O caso envolvendo Alexandre Nardoni e Anna Carolina Jatobá teve um novo desdobramento jurídico em Brasília. A Associação do Orgulho LGBTQIAPN+, presidida por Agripino Magalhães, protocolou nesta quinta-feira (9/4) um novo recurso no Superior Tribunal de Justiça (STJ), reforçando o pedido de regressão do casal ao regime fechado.
Representada pelo advogado Francisco Angelo Carbone Sobrinho, a entidade sustenta que a permanência dos condenados em regime aberto estaria gerando um cenário de “medo coletivo” e “intimidação difusa” em bairros de São Paulo e na região de Barueri.
No documento encaminhado ao ministro relator, a associação também levanta questionamentos sobre possível descumprimento das condições impostas pela Justiça, incluindo dúvidas sobre a rotina de trabalho de Alexandre Nardoni na empresa do pai, com suspeita de eventuais saídas fora do horário autorizado. Há ainda apontamentos sobre o endereço declarado à Justiça, com menções a possível mudança para Alphaville sem atualização nos autos.
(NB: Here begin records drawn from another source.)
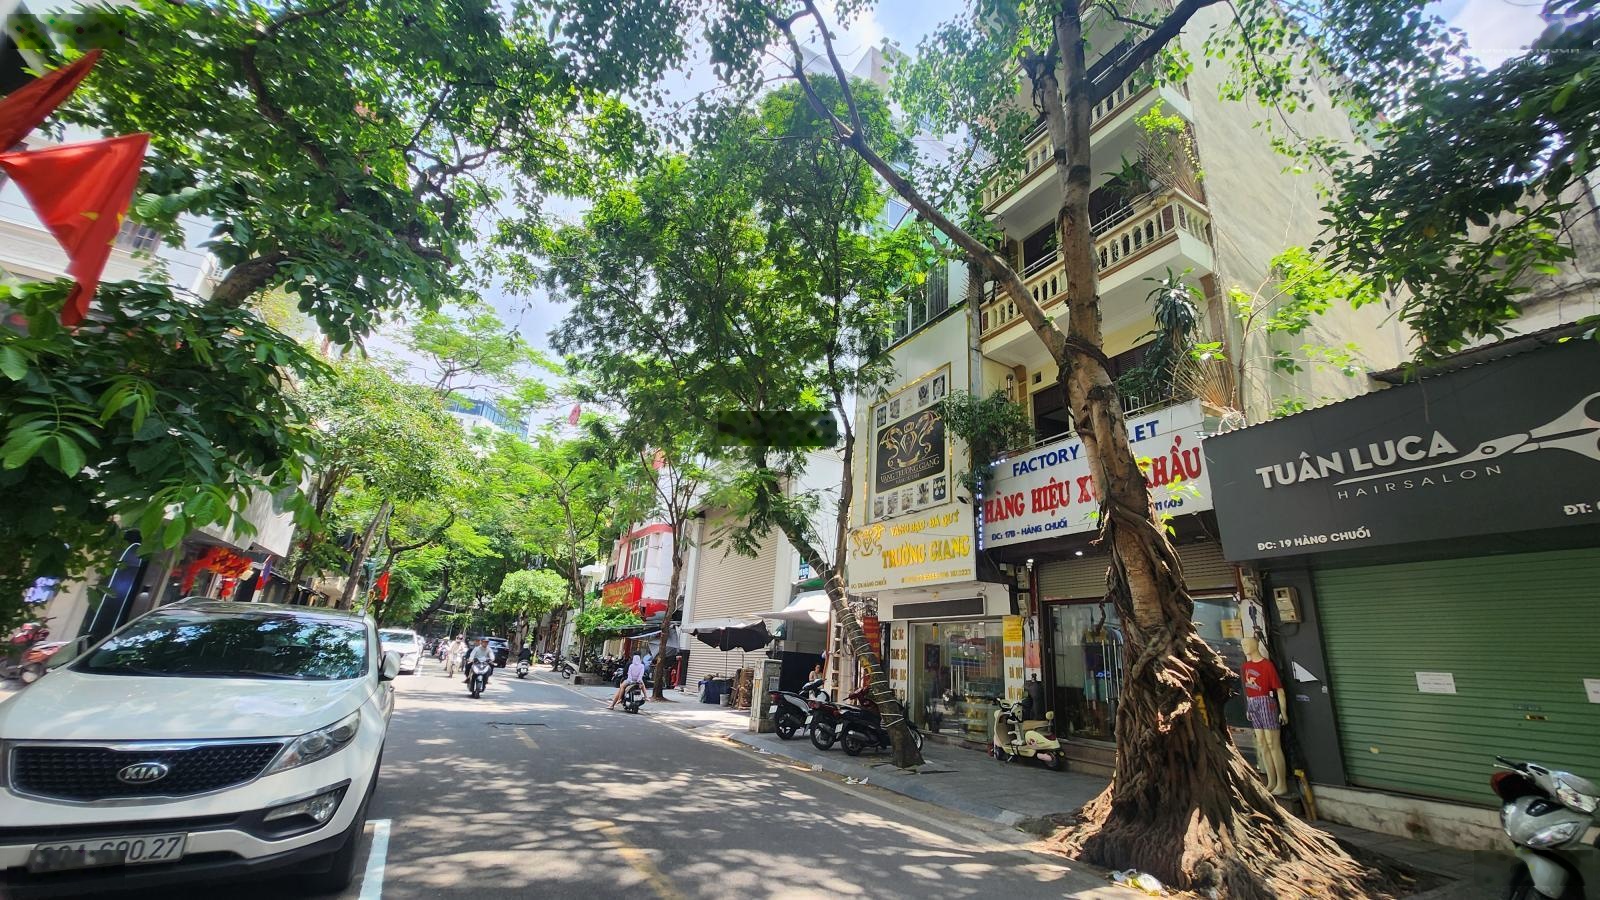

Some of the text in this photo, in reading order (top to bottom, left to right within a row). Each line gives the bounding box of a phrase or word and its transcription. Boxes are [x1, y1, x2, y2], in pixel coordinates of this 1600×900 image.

[1012, 444, 1081, 477] FACTORY
[1255, 430, 1459, 489] TUÂN LUCA
[984, 490, 1024, 524] HÀNG
[1031, 477, 1071, 516] HIỆU
[1140, 435, 1202, 488] HẨU
[1337, 464, 1502, 500] HAIRSALON
[1563, 503, 1593, 516] ĐT:
[1021, 524, 1043, 535] HÀNG
[1044, 517, 1068, 532] CHUỐI
[1257, 525, 1371, 551] ĐC: 19 HÀNG CHUỐI
[929, 535, 971, 561] GIANG
[124, 767, 159, 780] KIA
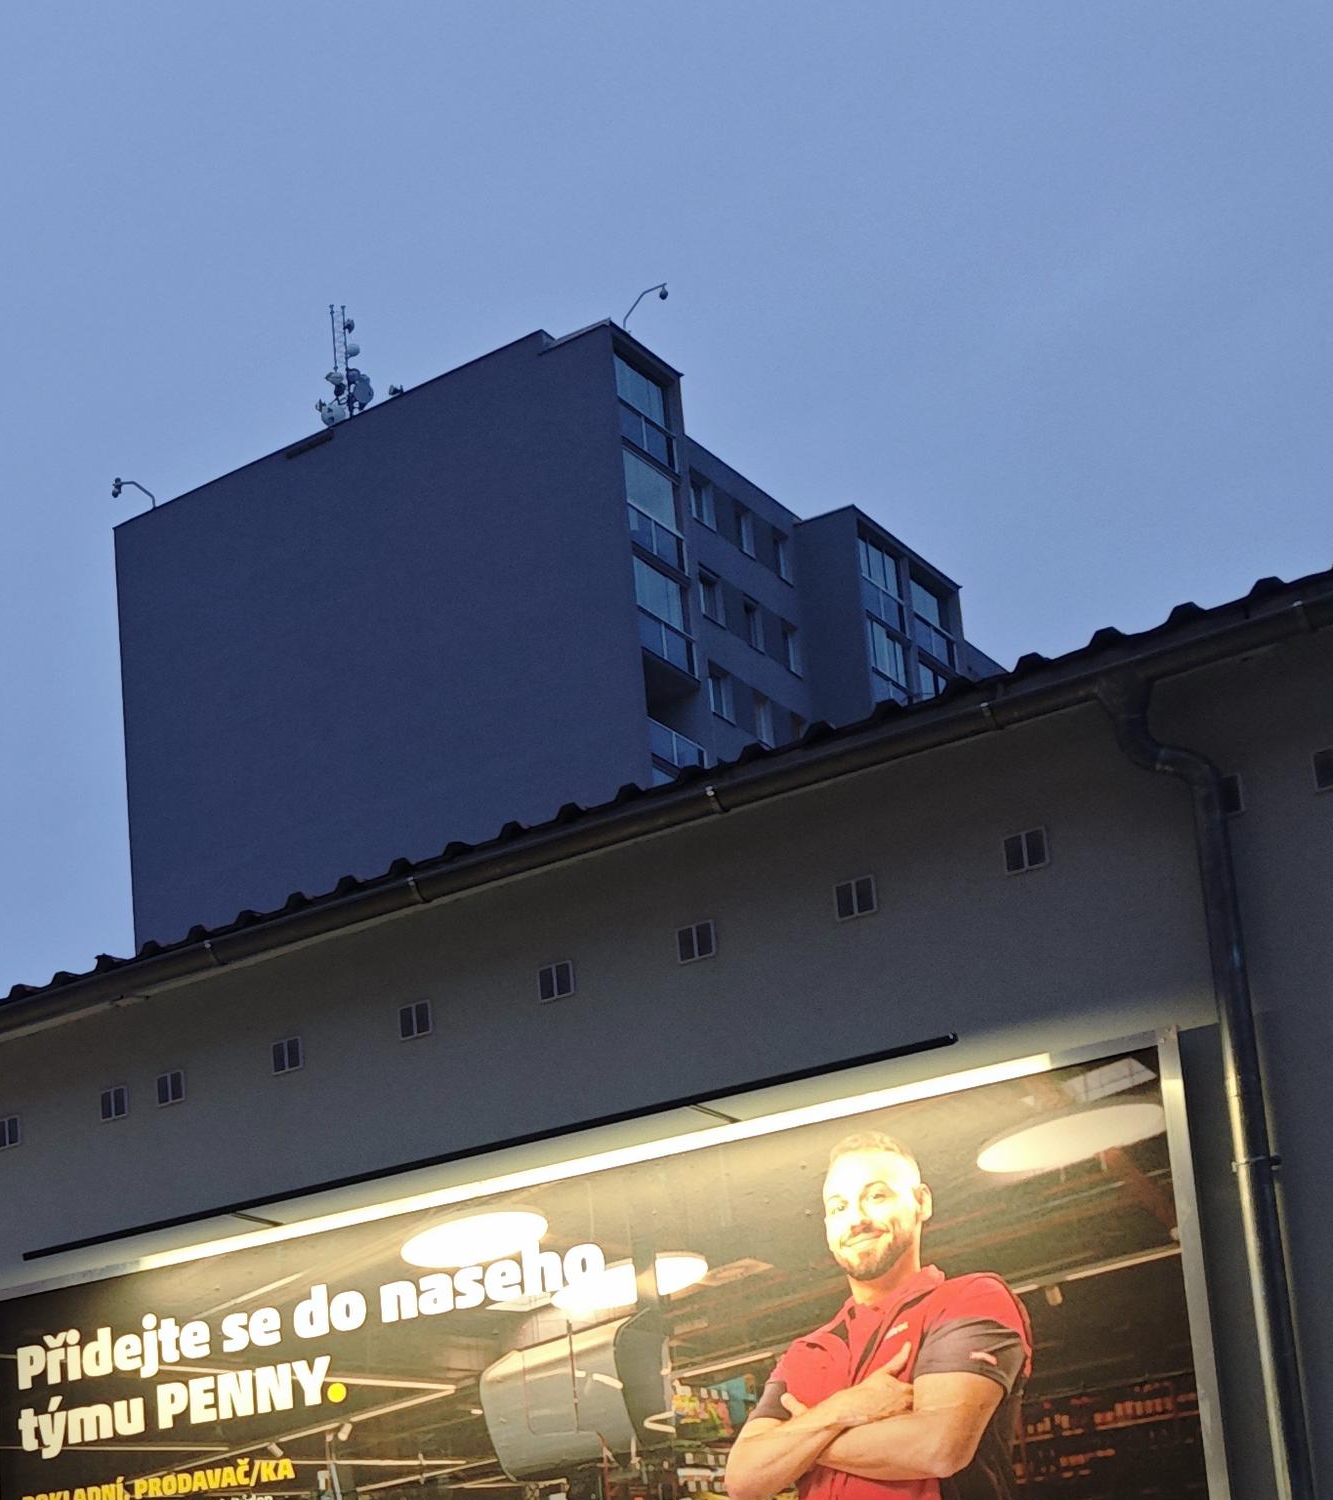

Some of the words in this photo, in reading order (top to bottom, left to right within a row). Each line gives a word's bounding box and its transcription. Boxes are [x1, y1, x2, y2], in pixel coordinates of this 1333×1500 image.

[17, 1313, 211, 1390] Přidejte
[222, 1307, 282, 1352] se
[294, 1284, 367, 1340] do
[18, 1395, 145, 1459] týmu
[156, 1355, 347, 1430] PENNY.
[134, 1458, 296, 1500] PRODAVAČ/KA
Outro ponto citado é o impacto na população local, com alegações de apreensão entre moradores e a coleta de assinaturas em forma de denúncia. O pedido também menciona o caso do ex-goleiro Bruno como precedente para reforçar a tese de regressão de regime em caso de descumprimento de regras judiciais.
A solicitação ao STJ pede que o casal retorne ao cárcere até que as condições do regime aberto sejam devidamente esclarecidas.
O caso já havia sido levado anteriormente ao Supremo Tribunal Federal, sem avanço. Agora, a entidade concentra a estratégia no STJ para tentar reverter a situação.